In [2]:
import numpy as np
import pandas as pd
import requests
import datetime
import time

In [3]:
# list of stocks is comprised of the top 500 stocks by market cap (from Fidelity) on March 22, 2022
# ISSUE: range is by market cap but is range from future date (that do not line up with year of financial statements)
stock_list = pd.read_csv('screener_results.csv')
stock_list = stock_list.loc[:, ['Symbol', 'Sector', 'Industry']]

In [4]:
stock_list

Unnamed: 0,Symbol,Sector,Industry
0,AAPL,Information Technology,"Technology Hardware, Storage & Peripherals"
1,MSFT,Information Technology,Software
2,AMZN,Consumer Discretionary,Internet & Direct Marketing Retail
3,TSLA,Consumer Discretionary,Automobiles
4,GOOGL,Communication Services,Interactive Media & Services
...,...,...,...
9775,SPRQF,--,--
9776,BIAF,Health Care,Biotechnology
9777,MOB,Information Technology,Communications Equipment
9778,MATEF,Financials,Capital Markets


In [1]:
# restore with 
%store -r error_load
%store -r error_date
%store -r master_df
%store -r x 

no stored variable or alias error_load
no stored variable or alias error_date
no stored variable or alias master_df
no stored variable or alias x


In [16]:
# requests financial data from alphavantage API
master_df = pd.DataFrame()

# counter (corresponds to stock_list index)
x = 0

error_load = pd.Series([], dtype=str)
error_date = pd.Series([], dtype=str)

In [2]:
from secrets import Special_API_key

In [None]:
# keep track of ranges (underlying facts about the data)
# comparing first_date which is 5 to 11 days after earnings is announced to 
# second_date which is 341 to 347 after earnings is announced 

for stock, sector, industry  in stock_list.values[12:]:
    
    symbol = stock
    
    # if symbol is not valid then it will return an empty json object
    income_api_url = f'https://www.alphavantage.co/query?function=INCOME_STATEMENT&symbol={symbol}&apikey={Special_API_key}'
    income_data = requests.get(income_api_url).json()
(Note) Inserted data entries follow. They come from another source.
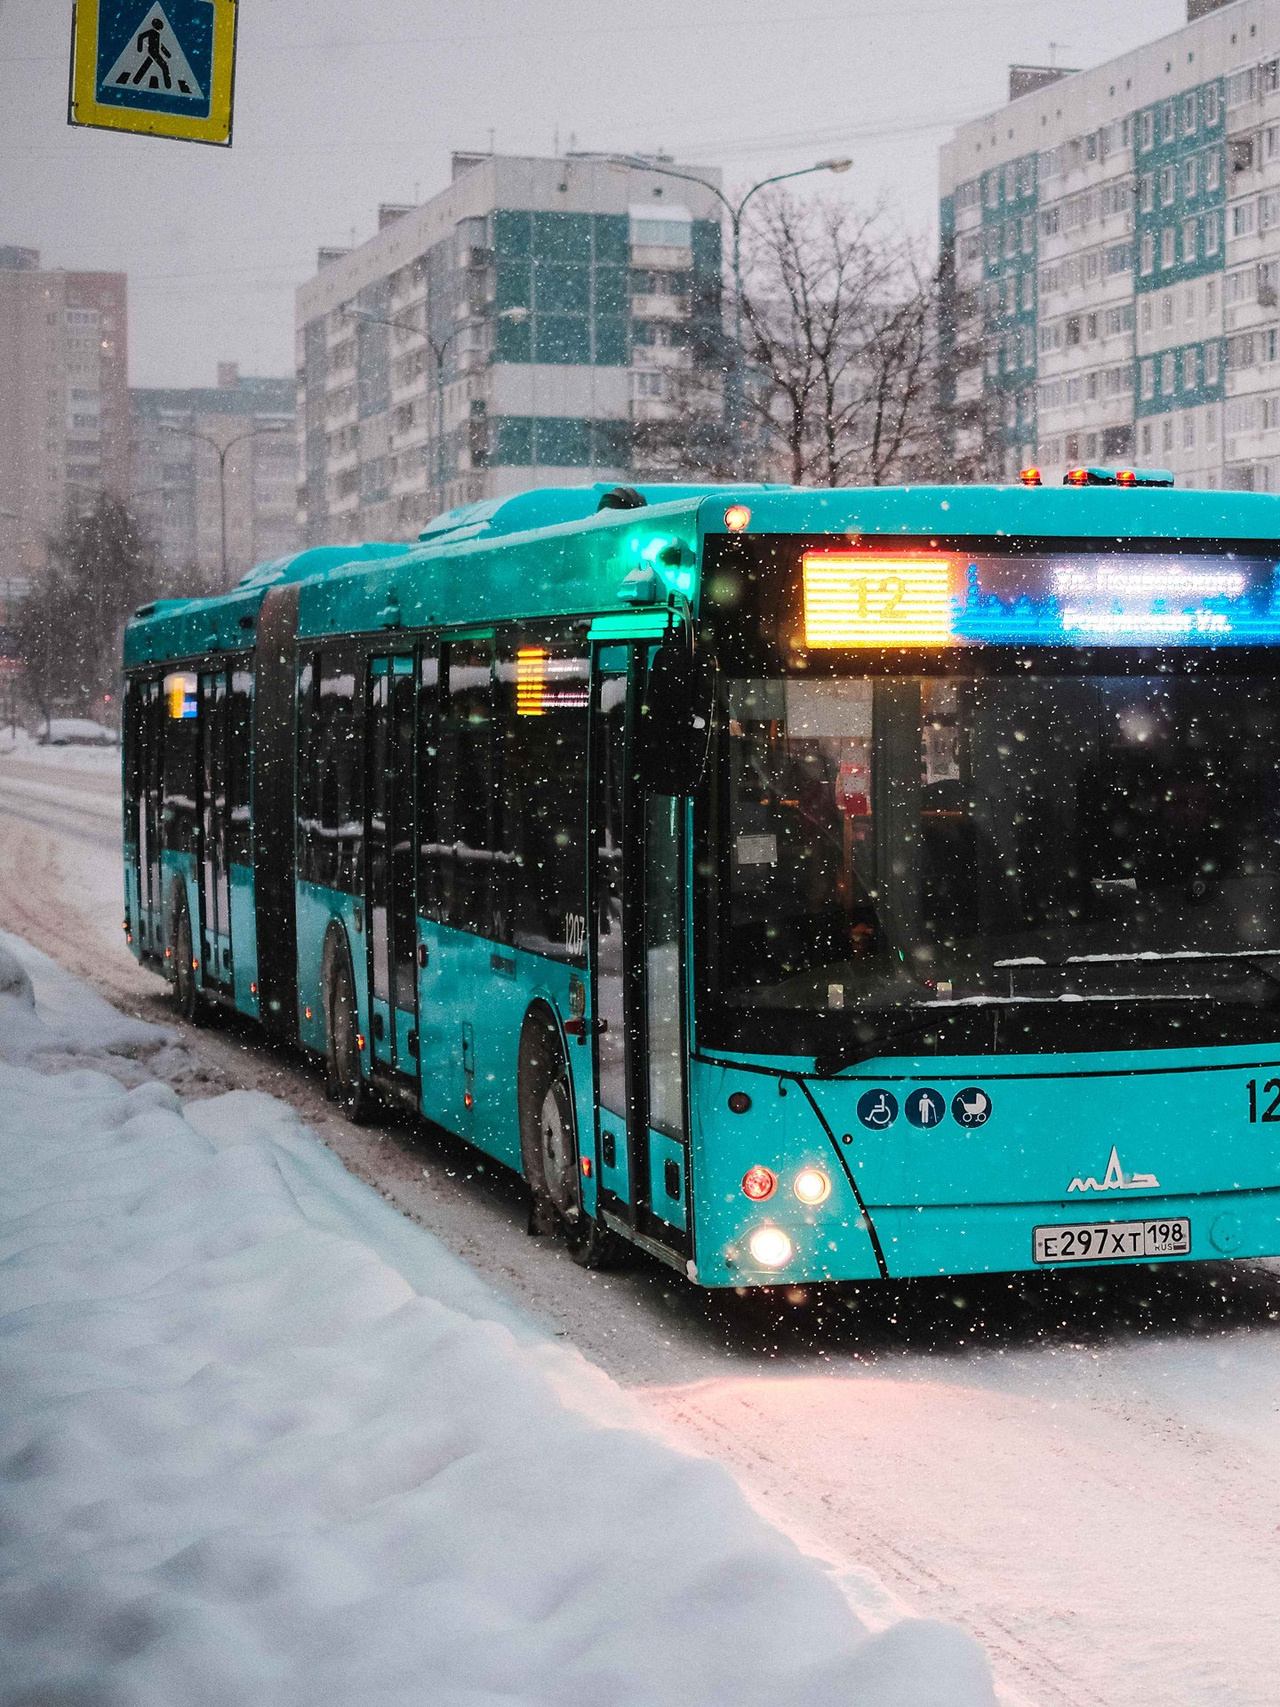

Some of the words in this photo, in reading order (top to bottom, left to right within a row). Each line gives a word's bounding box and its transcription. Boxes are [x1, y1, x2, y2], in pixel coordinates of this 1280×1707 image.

[849, 576, 908, 618] 12
[565, 912, 585, 956] 1207
[1044, 1228, 1141, 1258] Е297ХТ
[1147, 1223, 1183, 1244] 198
[1154, 1243, 1173, 1252] RUS
    cash_api_url = f'https://www.alphavantage.co/query?function=CASH_FLOW&symbol={symbol}&apikey={Special_API_key}'
    cash_data = requests.get(cash_api_url).json()

    balance_api_url = f'https://www.alphavantage.co/query?function=BALANCE_SHEET&symbol={symbol}&apikey={Special_API_key}'
    balance_data = requests.get(balance_api_url).json()
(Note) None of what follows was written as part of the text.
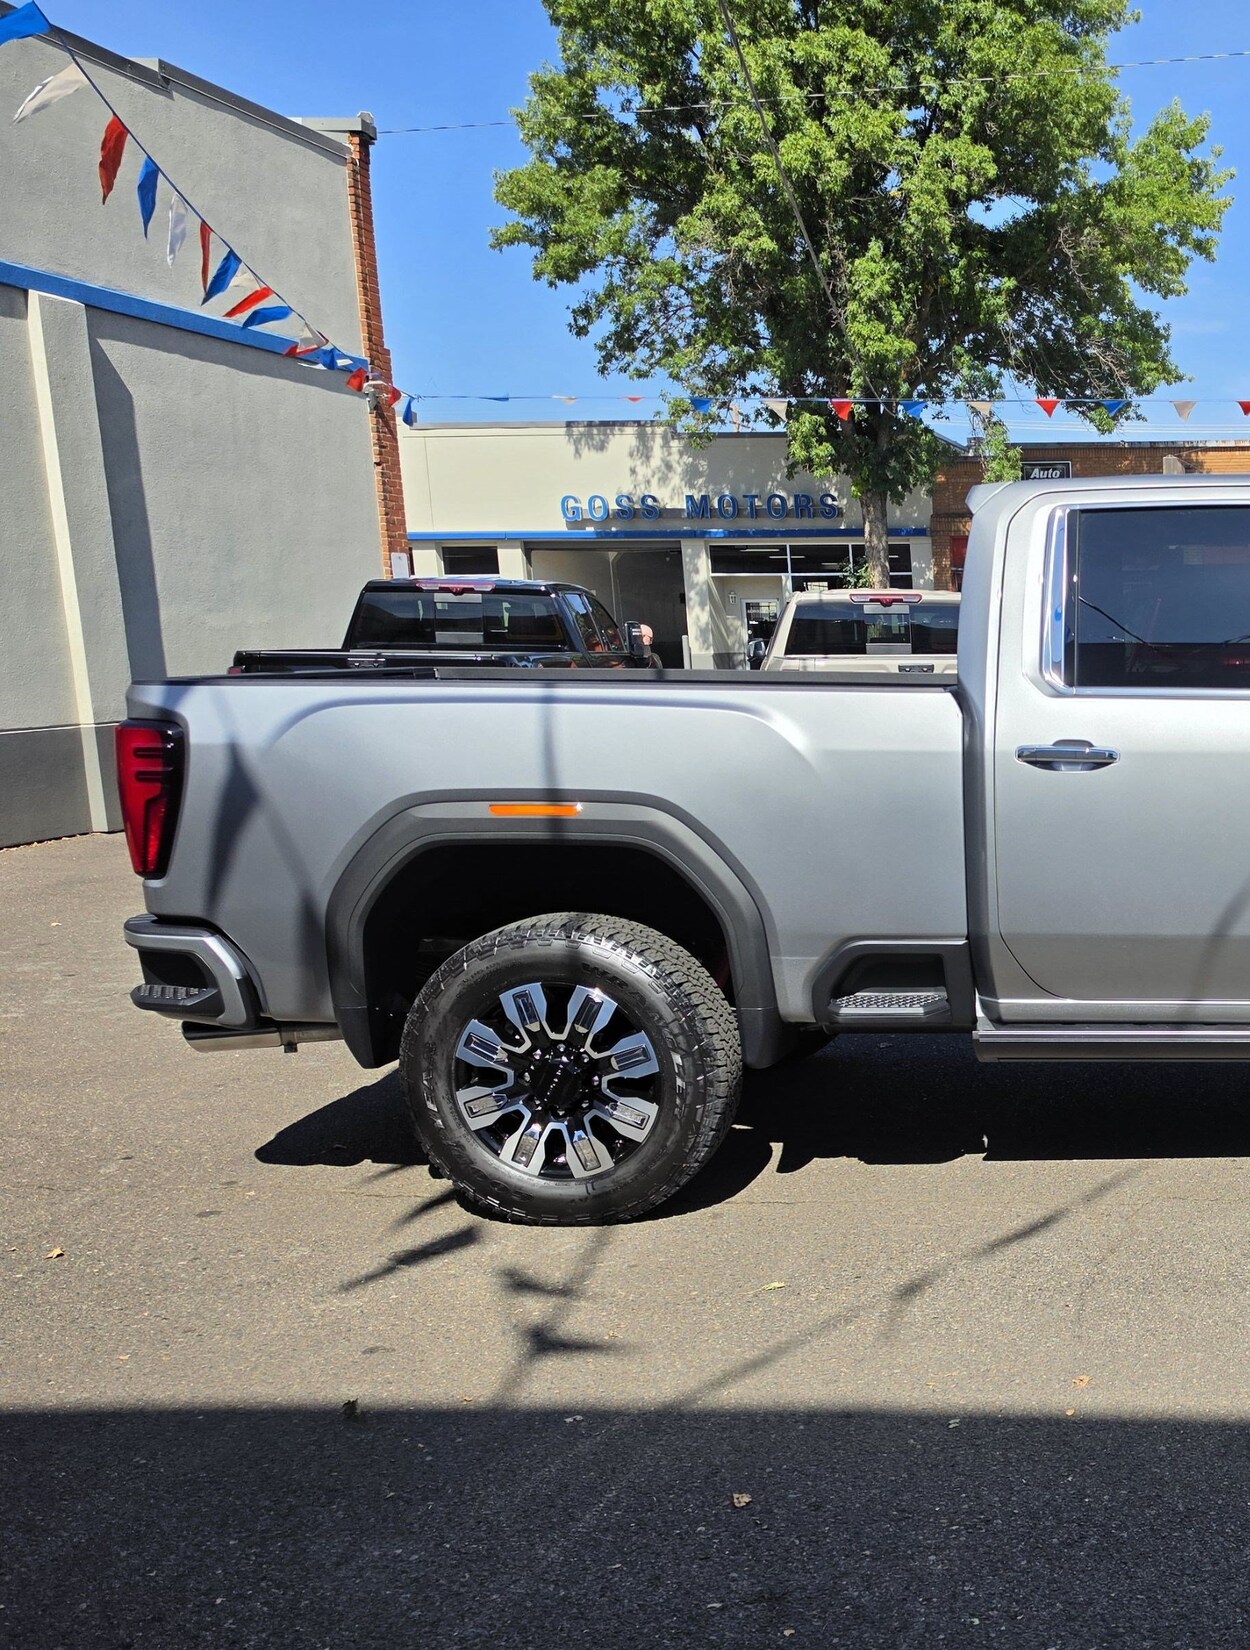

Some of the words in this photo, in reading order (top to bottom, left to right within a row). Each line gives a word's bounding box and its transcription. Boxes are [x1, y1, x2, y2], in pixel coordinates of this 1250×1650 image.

    price_api_url = f'https://www.alphavantage.co/query?function=TIME_SERIES_WEEKLY_ADJUSTED&symbol={symbol}&outputsize=full&apikey={Special_API_key}'
    price_data = requests.get(price_api_url).json()
    
    try: 
        # extract financial statements 
        inc_data = income_data['annualReports'][-1].copy()
        cas_data = cash_data['annualReports'][-1].copy()
        bal_data = balance_data['annualReports'][-1].copy()
    
    except KeyError: 
        # len() should return 3 for each one, should return 0 if a valid api call was not performed, should return 1 if api call limit has been reached
        print(f"Error: {len(income_data)}{len(cash_data)}{len(balance_data)} could not load financial statements for \t\t {symbol}")
            
        error_load = pd.concat([error_load, pd.Series(symbol)])
        x += 1 
        time.sleep(60)
        continue # skips rest of code in this loop 


    earnings_date = inc_data['fiscalDateEnding']
    currency = inc_data['reportedCurrency']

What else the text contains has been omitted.